Seu destino estava bem diante dos olhos. Não entendia o porquê da animação crescente, muito menos tinha noção se todo o esforço valeria ao fim de tudo. Contudo, tinha sim certeza de uma coisa: que, não importasse o quão indomável o caminho à sua frente pudesse ser...

Ela continuaria agarrada à ponta do penhasco, sobrevivendo até a última fagulha de energia. Pois, de todas as pessoas, somente ela sabia quantas vezes esteve ali, prestes a cair do precipício, um lugar que conhecia quase tão bem quanto sua casa.

Sozinha, ela se ligou à máquina, tendo que esperar somente alguns segundos para que sentisse o brusco início do processo de transferência.
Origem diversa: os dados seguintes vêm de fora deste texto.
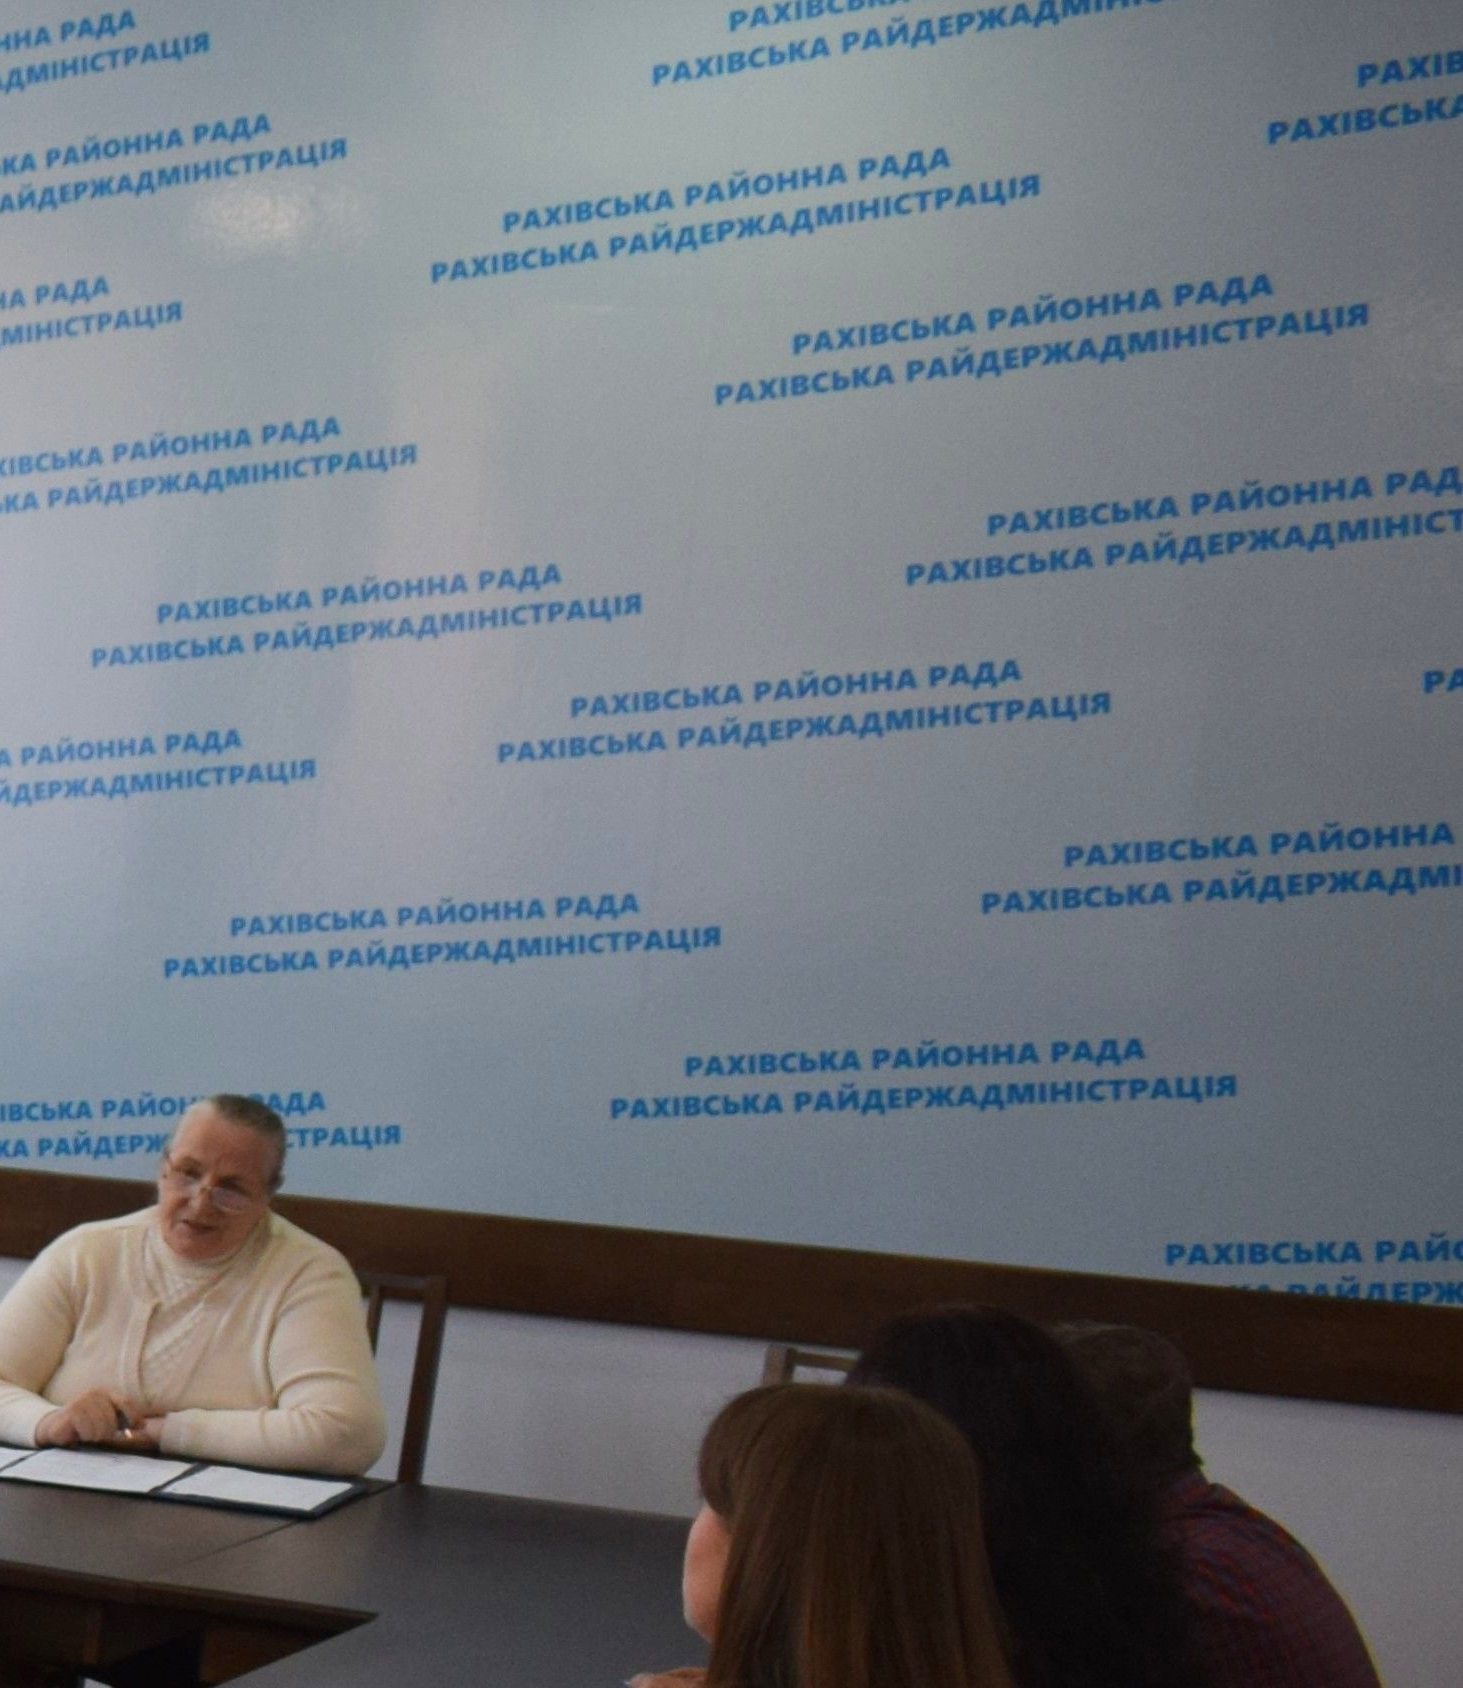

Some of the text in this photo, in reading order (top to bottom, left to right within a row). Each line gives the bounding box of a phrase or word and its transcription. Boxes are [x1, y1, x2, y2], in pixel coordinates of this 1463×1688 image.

[60, 9, 136, 42] РАДА
[650, 37, 831, 86] РАХІВСЬКА
[46, 129, 184, 167] РАЙОННА
[193, 114, 271, 144] РАДА
[501, 147, 951, 233] РАХІВСЬКА РАЙОННА РАДА
[430, 174, 1042, 283] РАХІВСЬКА РАЙДЕРЖАДМІНІСТРАЦІЯ
[35, 277, 110, 304] РАДА
[790, 273, 1274, 356] РАХІВСЬКА РАЙОННА РАДА
[714, 303, 1370, 406] РАХІВСЬКА РАЙДЕРЖАДМІНІСТРАЦІЯ
[113, 427, 252, 461] РАЙОННА
[261, 417, 341, 444] РАДА
[48, 444, 418, 506] РАЙДЕРЖАДМІНІСТРАЦІЯ
[986, 496, 1180, 536] РАХІВСЬКА
[1188, 475, 1373, 516] РАЙОННА
[904, 546, 1095, 586] РАХІВСЬКА
[157, 564, 562, 623] РАХІВСЬКА РАЙОННА РАДА
[91, 593, 643, 667] РАХІВСЬКА РАЙДЕРЖАДМІНІСТРАЦІЯ
[570, 658, 1022, 717] РАХІВСЬКА РАЙОННА РАДА
[21, 736, 156, 764] РАЙОННА
[165, 728, 243, 755] РАДА
[497, 691, 1112, 762] РАХІВСЬКА РАЙДЕРЖАДМІНІСТРАЦІЯ
[1063, 821, 1456, 869] РАХІВСЬКА РАЙОННА
[229, 893, 640, 937] РАХІВСЬКА РАЙОННА РАДА
[980, 882, 1173, 916] РАХІВСЬКА
[163, 925, 723, 979] РАХІВСЬКА РАЙДЕРЖАДМІНІСТРАЦІЯ
[683, 1037, 1146, 1078] РАХІВСЬКА РАЙОННА РАДА
[610, 1074, 1238, 1120] РАХІВСЬКА РАЙДЕРЖАДМІНІСТРАЦІЯ
[1163, 1240, 1364, 1268] РАХІВСЬКА
Os eletrodos ligados à sua cabeça descarregaram uma imensa quantidade de energia, arrancando uma resposta imediata do hipocampo, que devolveu o sinal na mesma intensidade. Uma dor indescritível atingiu todo o seu corpo, como se milhares de agulhas perfurassem cada milímetro possível

Com as ondas do hipocampo em mãos, os receptores de onda forçaram uma ligação. A ligação foi criada, permitindo que a consciência da jovem fosse tomada em instantes.

Os sentidos se tornaram confusos, até que desapareceram por completo. “Sentiu-se” flutuando num espaço escuro e, ao mesmo tempo, tão claro que chegava a cegar.

Bastaram segundos para que Emma fosse recebida pela fronteira entre a vida e a morte. Um lugar sem fim ou horizonte, minúsculo e gargantuano ao mesmo tempo. Emma não via ou escutava, muito menos sentia. Mas sabia que estava ali, em algum lugar do infinito, caindo eternamente de um precipício infinito.

Vagando pelo vazio inerte, Emma não fazia ideia de onde estava, muito menos se o processo realmente havia funcionado. O terror da dúvida a fez cogitar que a passagem havia falhado, e que agora estava morta, à deriva no inferno negro.

Olhou de um lado para o outro na busca de algum ponto de referência. Mas não havia nada além da mais pura treva. A solidão gélida a dava calafrios mesmo distante das sensações, rastejando por seu consciente como um pesadelo vívido.

Antes de aceitar o fim, um súbito clarão emergiu do horizonte profundo, reacendendo as esperanças da jovem. A centelha aumentava a cada segundo, pulsando no vazio como uma ferida exposta no tecido do espaço tempo. Emma logo percebeu que não era o portal que estava crescendo, ela que estava se aproximando da luz.

Diante daquela situação, Emma não resistiu à crescente atração e deixou-se levar até a beirada do buraco. De súbito, uma voz robótica ecoou pela vastidão abissal:

— Consciente conectado ao avatar computadorizado, sincronia se iniciará em 1...2...3...4...5… sincronia criada.

E então, numa velocidade surpreendente, Emma foi jogada para dentro da passagem. Quanto mais adentrava, mais ofuscante se tornava a luz no final do túnel, até que esta tomou sua visão por completo.